Medialease offer business to business asset finance solutions to the media industry for equipment finance transactions from £3,000 upwards. All finance figures shown on this website are exclusive of VAT and indicative only. Figures shown for transactions of less than £3,000 are for reference only. All transactions are subject to underwriting approval and credit reference checks. A minimum documentation fee of £200 is chargeable at the start of all agreements. Sole traders, partnerships, LLPs and limited companies are all considered, business use only. Please contact for further details. In the current credit climate we recommend that you contact us for a competitive quote as rates and underwriting criteria currently vary on a regular basis. The following details explain the main differences between the three types of finance product we offer.

Lease Purchase

This is a hire agreement which automatically gives ownership of the asset to the hirer at the end of the repayment term upon payment of the option fee. The option fee is £50.
  • The hirer can claim capital allowances upon the asset. The value of the goods is then written down, or depreciated, normally at 25% of their reducing value year on year (unless the purchased asset can be classed as IT, and you are a “small business” – “small business” has a specific definition which is provided by the Inland Revenue).
  • Interest paid by the lessee is fully tax allowable.
  • The equipment provides security to the lender for the period of the agreement, after which, title passes from Lessor to lessee.
  • The asset will appear on the company balance sheet as will the liability of the payments due in the course of the agreements.
  • Interest can be fixed or variable rate.
  • Lessee is obliged to pay the VAT in full at the beginning of the agreement – either to the Lessor (finance company) or to the supplier.
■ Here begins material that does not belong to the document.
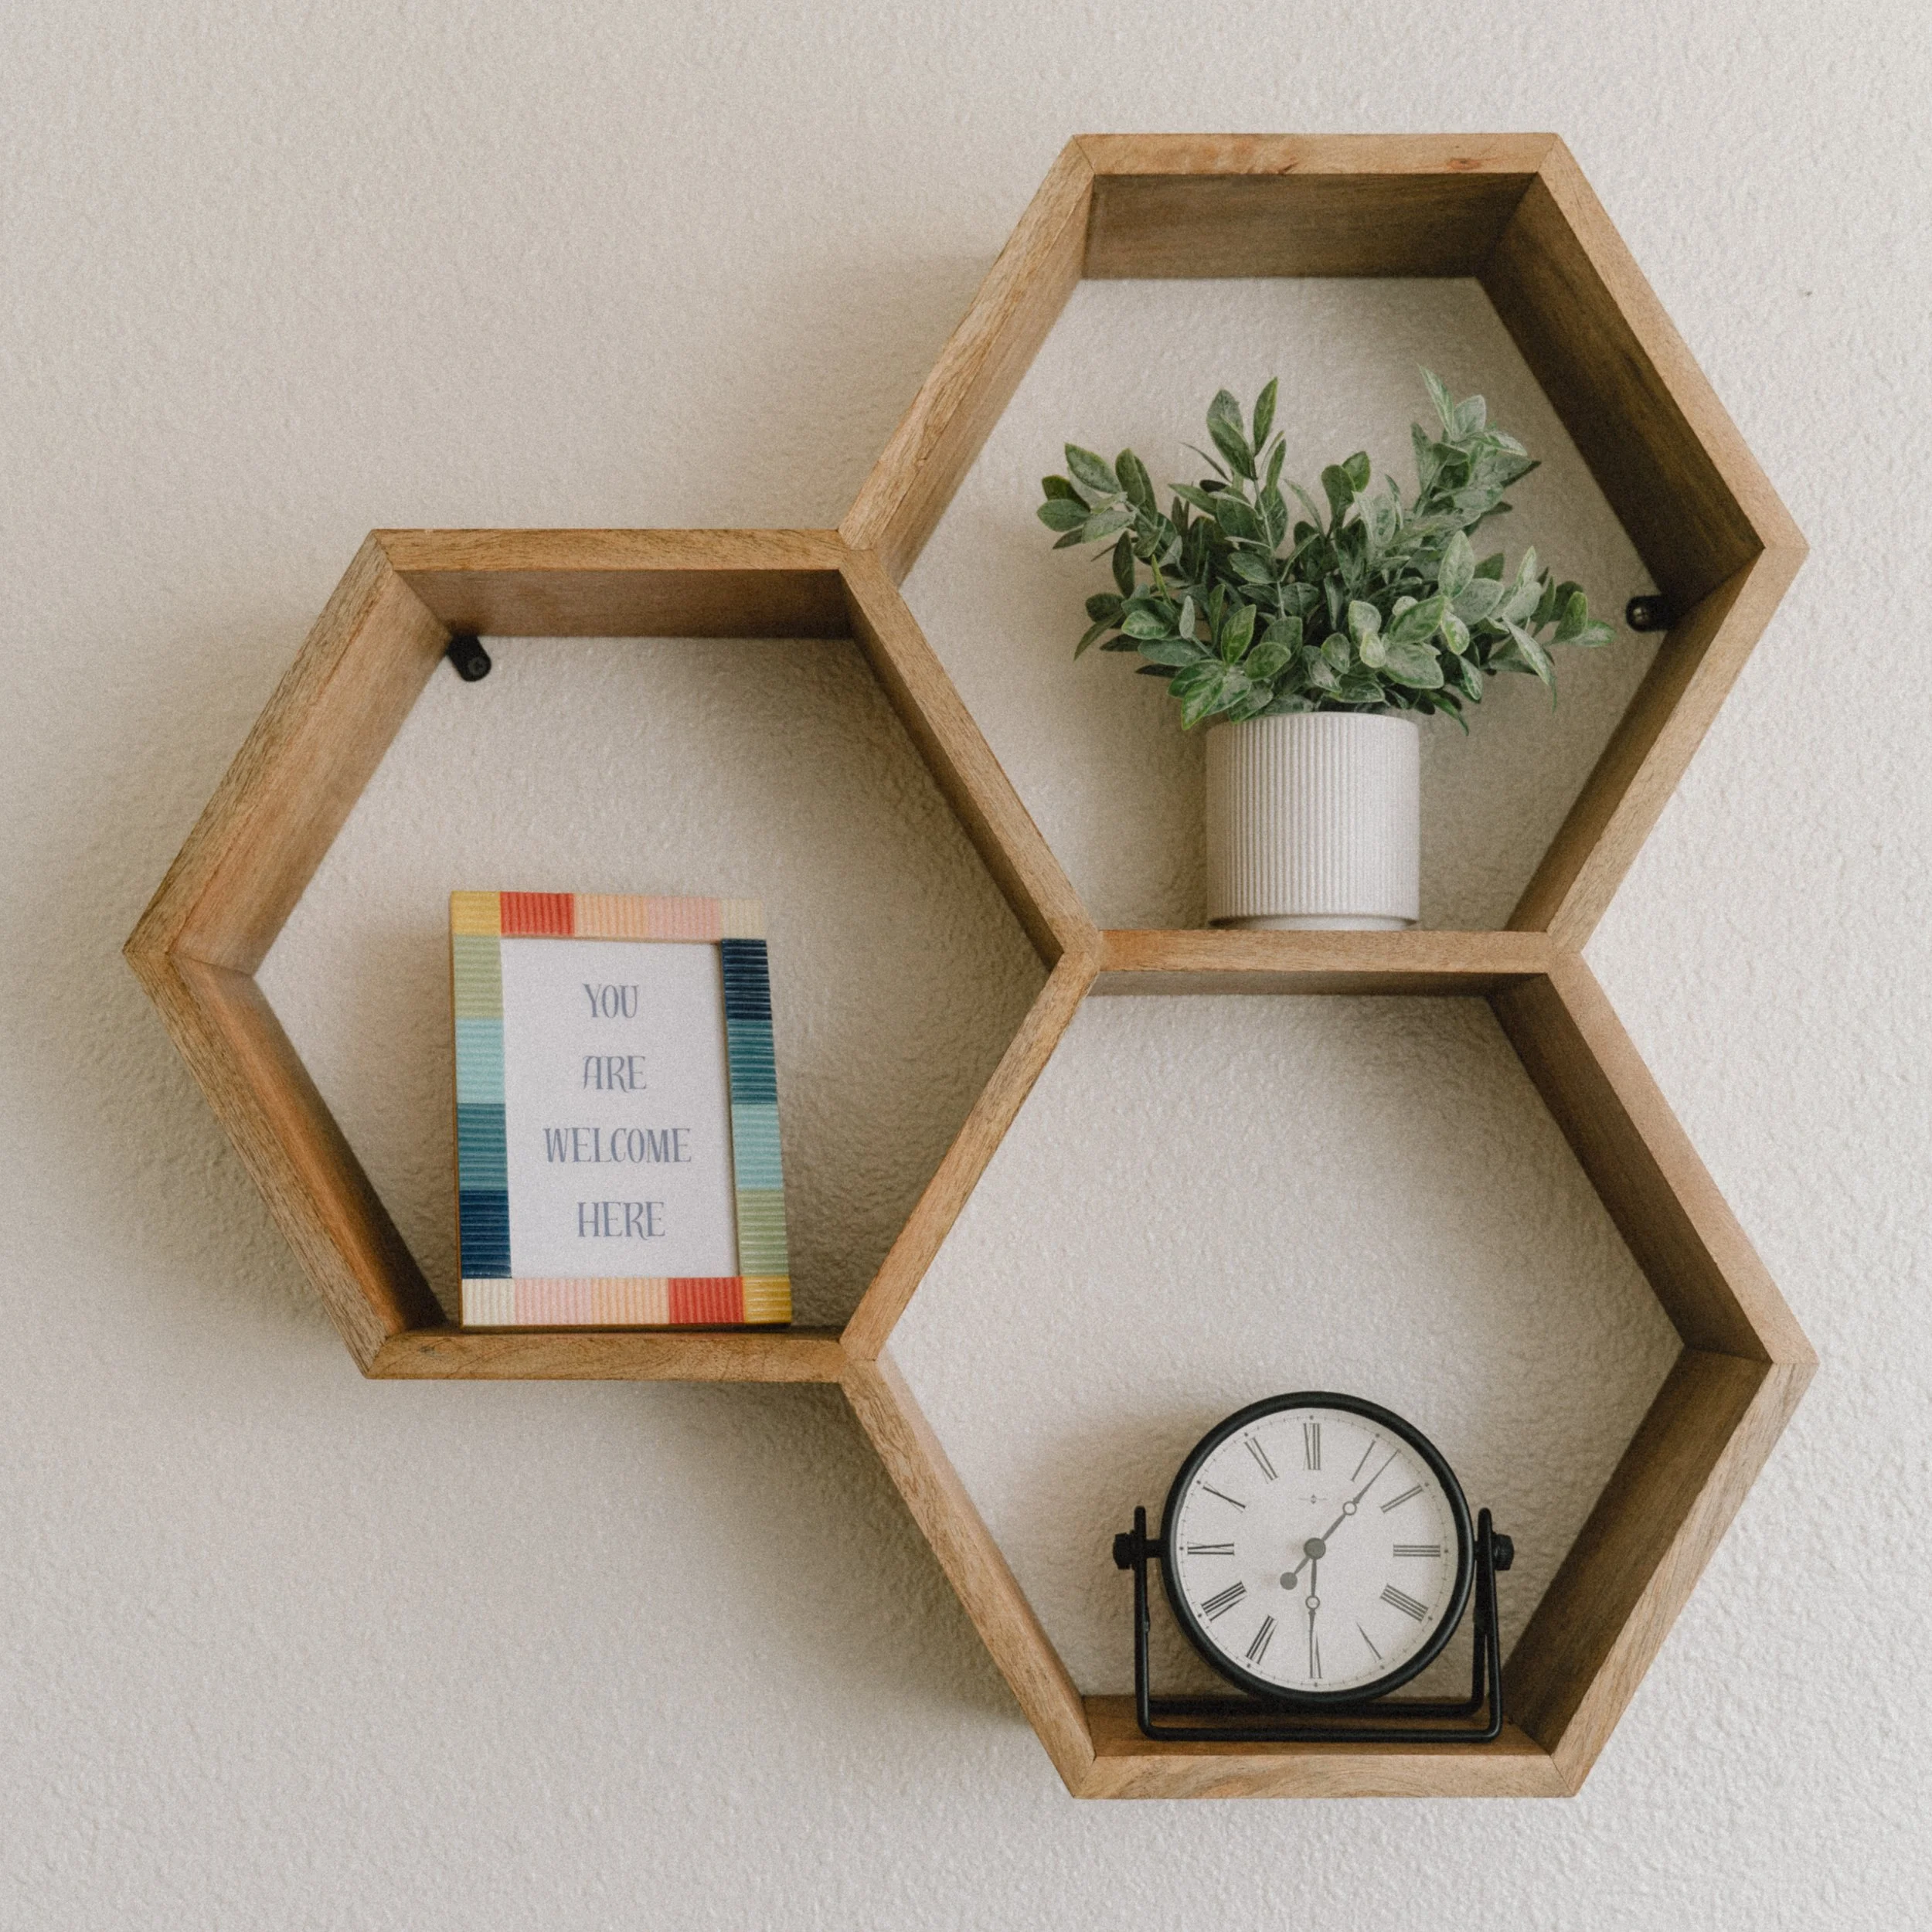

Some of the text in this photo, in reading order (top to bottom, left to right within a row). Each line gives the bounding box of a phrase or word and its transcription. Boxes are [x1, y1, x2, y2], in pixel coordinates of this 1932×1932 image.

  • The VAT can be reclaimed by business customers, provided they are registered for VAT in the UK.
Finance Lease

This is a form of rental on a straightforward fixed term contract. In simple terms a lease is classed as a revenue expense. The main benefit to the lessee is the immediate use of the asset with the minimum capital outlay.
  • All lease rentals payable in any given financial year are 100% tax allowable.
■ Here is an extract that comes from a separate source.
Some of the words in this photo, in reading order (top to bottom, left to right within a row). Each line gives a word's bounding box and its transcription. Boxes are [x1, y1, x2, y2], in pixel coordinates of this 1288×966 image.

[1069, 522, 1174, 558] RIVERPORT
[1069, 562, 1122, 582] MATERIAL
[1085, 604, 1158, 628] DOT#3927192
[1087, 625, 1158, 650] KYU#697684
  • Capital allowances can be claimed by the Lessor (the finance company).
  • The asset is treated as an asset belonging to the lessee (customer) and corresponding payments are shown as a liability.
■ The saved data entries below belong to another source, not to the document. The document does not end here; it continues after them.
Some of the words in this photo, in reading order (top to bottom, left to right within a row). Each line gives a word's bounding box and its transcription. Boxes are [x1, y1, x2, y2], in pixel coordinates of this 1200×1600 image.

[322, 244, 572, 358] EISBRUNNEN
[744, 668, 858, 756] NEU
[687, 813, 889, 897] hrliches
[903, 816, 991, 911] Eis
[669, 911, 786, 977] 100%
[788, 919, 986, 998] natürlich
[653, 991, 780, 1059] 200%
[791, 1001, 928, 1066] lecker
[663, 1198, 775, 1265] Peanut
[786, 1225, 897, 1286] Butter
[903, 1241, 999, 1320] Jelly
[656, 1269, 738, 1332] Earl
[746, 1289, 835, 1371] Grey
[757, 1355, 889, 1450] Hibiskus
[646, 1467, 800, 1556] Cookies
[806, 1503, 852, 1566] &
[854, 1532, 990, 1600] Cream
  • The lease period is often set for the useful life of the subject equipment. At the end of the agreement, the lessee is offered the majority of the sale proceeds, or the option of continued use for a peppercorn rental.
Operating Lease

This is a secure and flexible way to enjoy the benefits of an asset without having to purchase it. Low payments are gained by basing the repayments on only a percentage of the initial capital cost of the asset. The risk of recovering the remainder of the capital cost from resale at the end of the agreement is underwritten by either the Lessor or a third party.
  • All lease rentals payable in any given financial year are 100% tax allowable.
  • Capital allowances can be claimed by the Lessor (the finance company).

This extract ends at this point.